Поверх куртки я накинул поношенный, потертый плащ, ставший из синего зеленым... Но зато у меня сабля с портупеей.
Я обнажаю ее. И под дождем, падающим с серого туманного неба, шлепая по лужам, веду три десятка людей на улицу Фландр.
На нас жалко смотреть: с волос течет, штаны забрызганы грязью. На моем тесаке уже выступили ржавые пятна, а крылья у плаща намокли и поникли. Я похож на курицу, выскочившую из лохани с водой.
— Стой!
Вечное «стой» встречает меня у всех дверей с тех пор, как я появился на свет.

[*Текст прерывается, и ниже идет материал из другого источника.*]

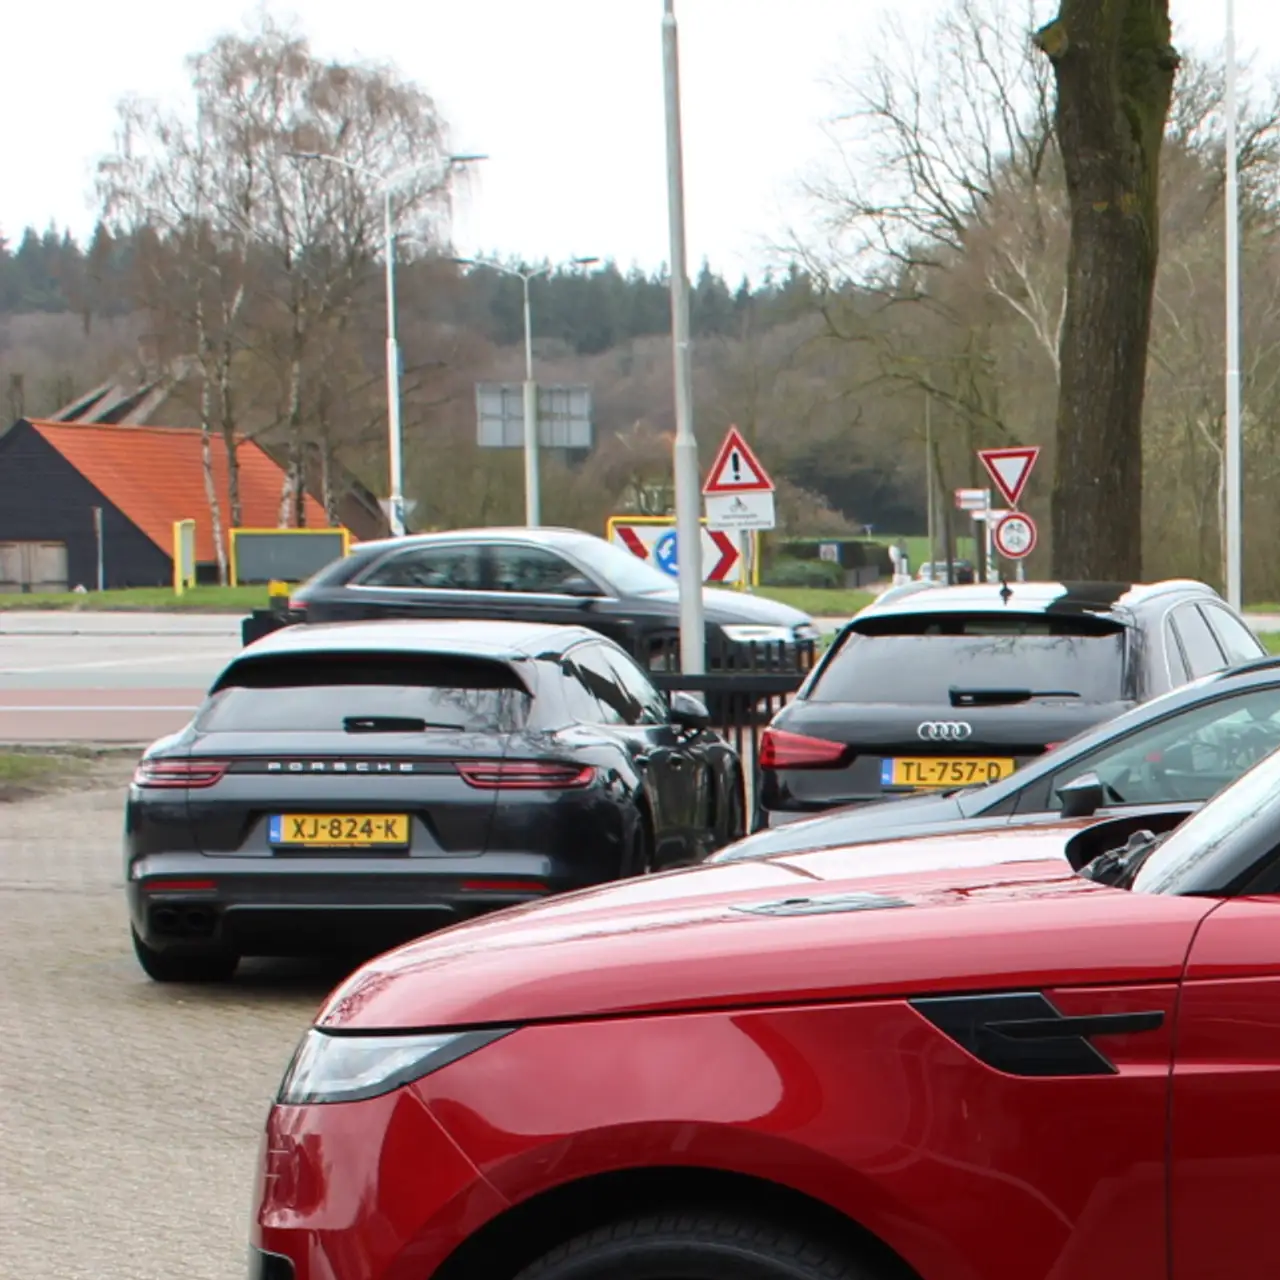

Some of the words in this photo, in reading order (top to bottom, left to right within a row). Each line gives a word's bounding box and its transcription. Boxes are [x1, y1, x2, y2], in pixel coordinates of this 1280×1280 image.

[267, 761, 413, 771] PORSCHE
[902, 761, 1001, 782] TL-757-D
[292, 818, 398, 839] XJ-824-K

Но идущие за мной и промокшие насквозь люди выстроились в боевом порядке позади моего плаща, и он отряхивается, выпрямляется.
— Дорогу народу, хозяину власти!
Решетка открывается, и мы проходим.
— Теперь, когда ратуша в ваших руках!..
На дворе, битком набитом солдатами и ощетинившемся штыками, невообразимый шум.
— Шарф! Шарф!
Несколько командиров подбегают ко мне и опоясывают меня.
— Именем Революции назначаем вас мэром округа! — говорят они, затягивая на мне пояс... затягивая его слишком туго.
Они отпускают его немного; но теперь очередь за головой.
— Во имя Революции, облобызаемся!
И я получаю несколько звучных поцелуев, попахивающих луком и даже чесноком.
Теперь за работу!
— За работу? Но что я должен делать?
А речи! Разве можно обойтись без обращения к народу, без того, чтобы не сказать ему, что готов умереть за него?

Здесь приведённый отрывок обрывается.